Gempa Hari Ini
Kisah Tukang Becak saat Gempa Bumi Tsunami Pangandaran, Gemuruh Ombak 5 Meter Dikira Suara Pesawat
Seorang pengayuh becak di Pasar Wisata Pangandaran, Sarip (70), belum bisa melupakan gempa bumi dan tsunami Pangandaran pada 2006.
Penulis: Padna | Editor: Mega Nugraha
Laporan Kontributor Tribunjabar.id Pangandaran, Padna
TRIBUNJABAR.ID, PANGANDARAN - Seorang tukang becak di Pasar Wisata Pangandaran, Sarip (70), belum bisa melupakan gempa bumi dan tsunami Pangandaran pada 2006.
Peristiwa gempa bumi dan tsunami Pangandaran itu, berkekyatan 6.8 sr dengan pusat gempa berada di Samudera Hindia. Gelombang tsunami ketinggiannya tercatat hingga 5 meter dan menewaskan 668 jiwa.
Di usianya yang senja, pria yang lahir di Jawa Tengah ini masih kuat jadi tukang becak di Pangandaran. Awalnya, dia berprofesi sebagai nelayan. Namun, sejak 2000, dia beralih profesi jadi tukang becak.
Baca juga: Kisah Jenderal dan Tentara Siliwangi di Balik Masjid Witono di Ciamis yang Berarsitektur Unik
Sehari-hari, dia mangkal di Pasasr Wisata Pangandaran yang tidak jauh dari pantai barat.
Karena usianya yang sudah lansia, becak milikya dimodifikasi jadi cator atau becak motor.
Sarip bercerita, ketika terjadi bencana tsunami Pangandaran 2006 melanda Pangandaran yang sejak itu masih Kabupaten Ciamis.
"Di tempat ini saya berada, sewaktu ngabeca dan terjadi tsunami. Dulu Pasar Wisata ini masih baru," ujar Sarip saat ditemui Tribunjabar.id di depan Pasar Wisata Pangandaran, Senin (21/6/2021).
Tsunami Pangandaran berawal dari gempa dengan durasi yang seingatnya cukup lama.
"Setelah gempa, terus tak lama ada suara gemuruh kencang dari arah laut. Kita kira, itu suara pesawat Susi Pudjiastuti karena suaranya persis seperti suara pesawat," ucapnya.
Baca juga: Di Bandung, Rumah Ambruk Lalu Terbawa Arus Sungai Seusai Hujan Deras Disertai Petir
"Mana kapalnya, namun ternyata itu ombak besar (tsunami) yang datang setelah terjadinya gempa bumi," kata Sarip.
Saat terjadi tsunami, banyak warga yang kocar-kacir untuk mengevakuasi dirinya masing-masing.
"Kolot, barudak (orang tua, anak-anak) saling mengajak untuk menyelamatkan diri ke arah pegunungan.
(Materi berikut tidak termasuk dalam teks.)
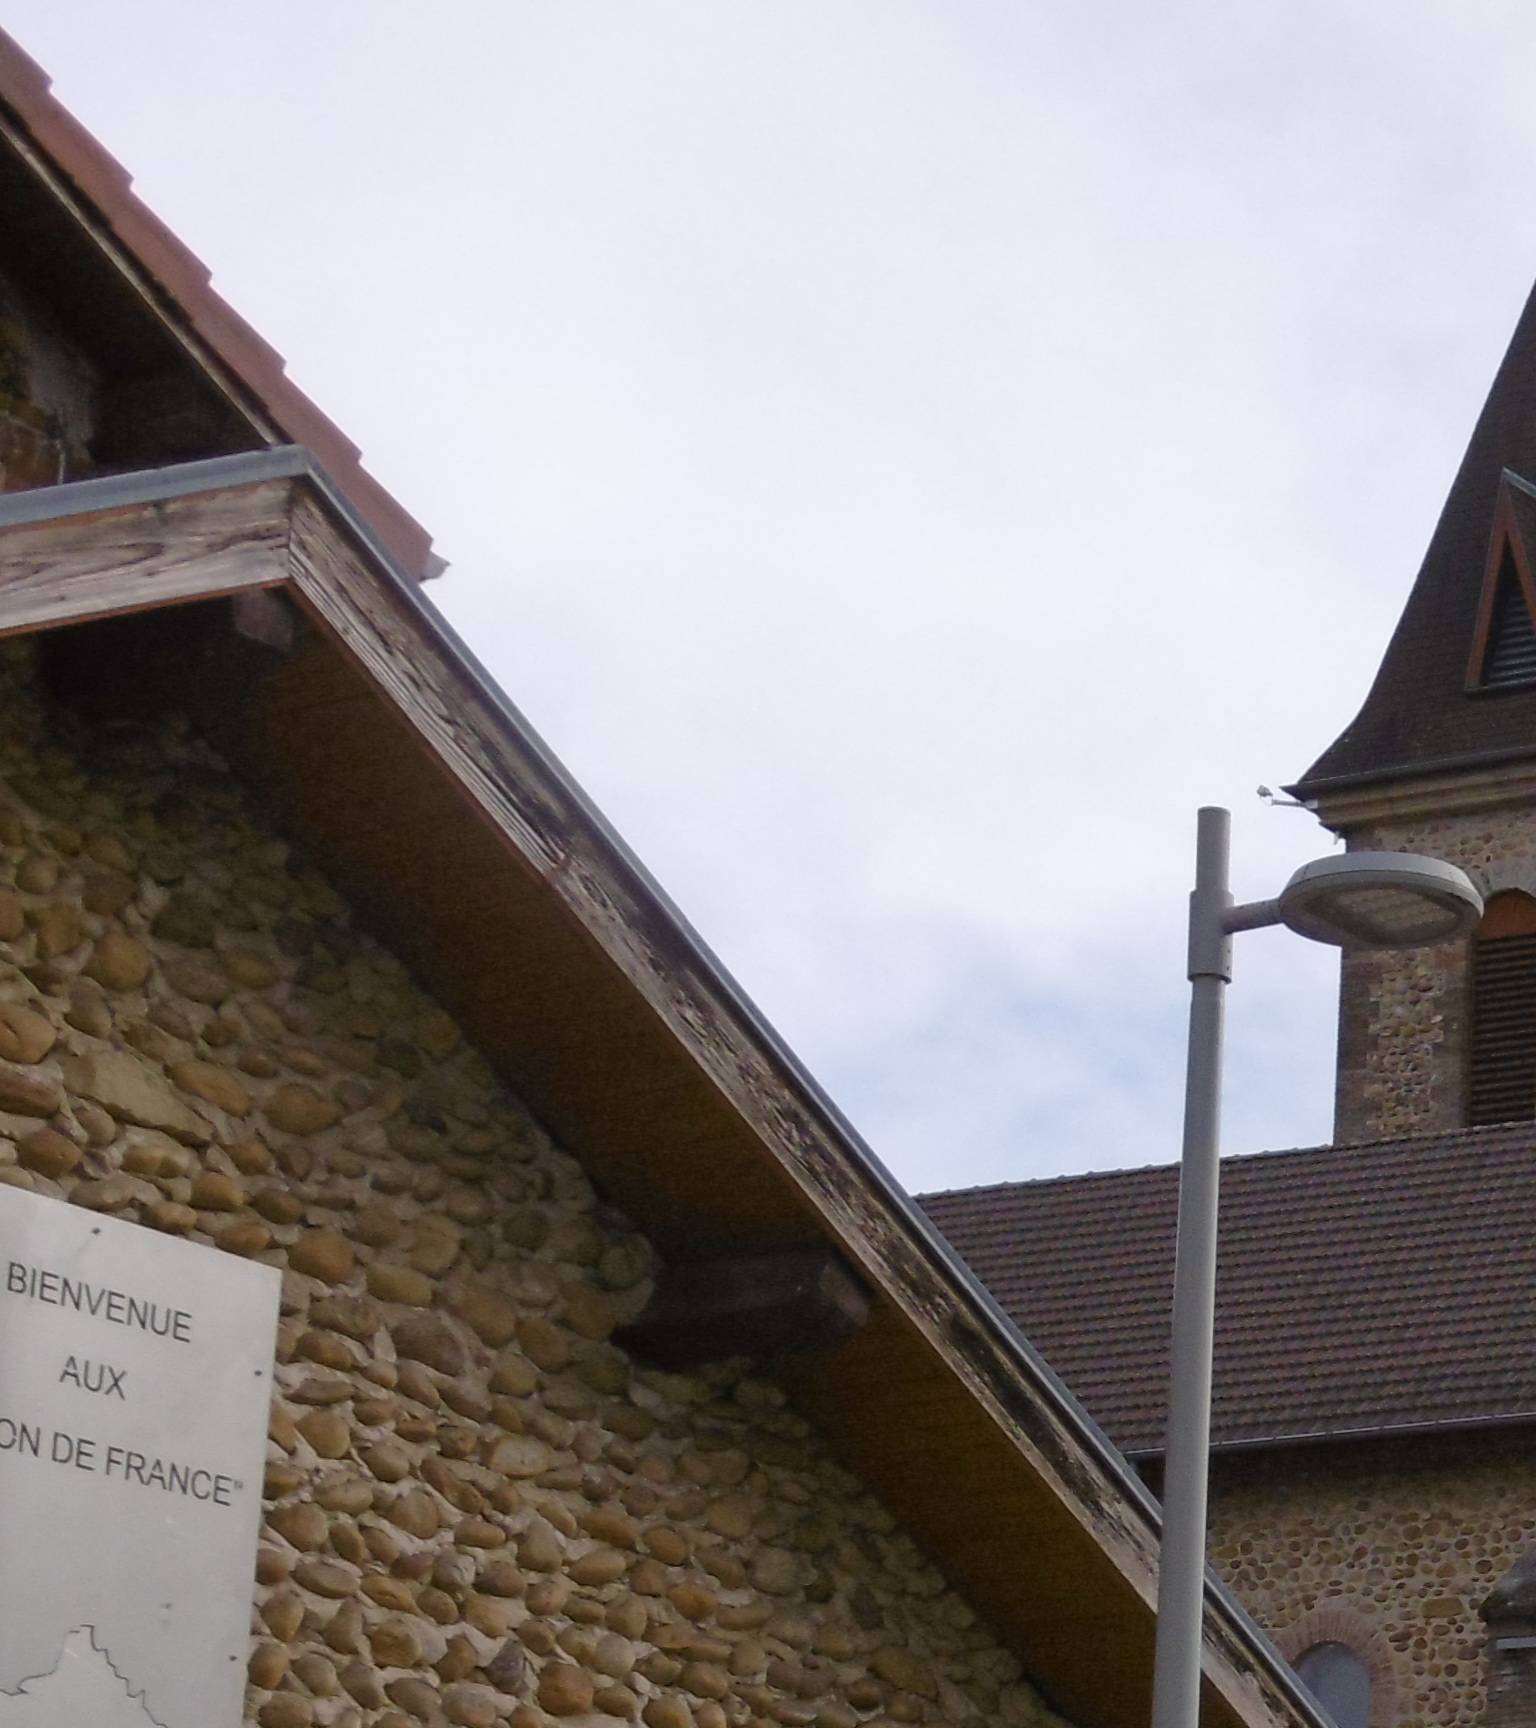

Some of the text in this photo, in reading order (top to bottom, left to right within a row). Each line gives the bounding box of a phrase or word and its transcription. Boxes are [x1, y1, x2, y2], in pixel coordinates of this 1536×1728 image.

[7, 1262, 192, 1343] BIENVENUE
[59, 1356, 127, 1400] AUX
[51, 1432, 96, 1471] DE
Saya juga sempat membantu evakuasi menggendong anak bule," katanya.
Tempat untuk evakuasi itu, banyak yang kearah Wonoharjo dan Desa Pagergunung (lokasi perbukitan).
"Tinggi ombak tsunami dulu, itu setinggi pohon kelapa. Dahulu kan pohon kelapanya tinggi semua," ucapnya.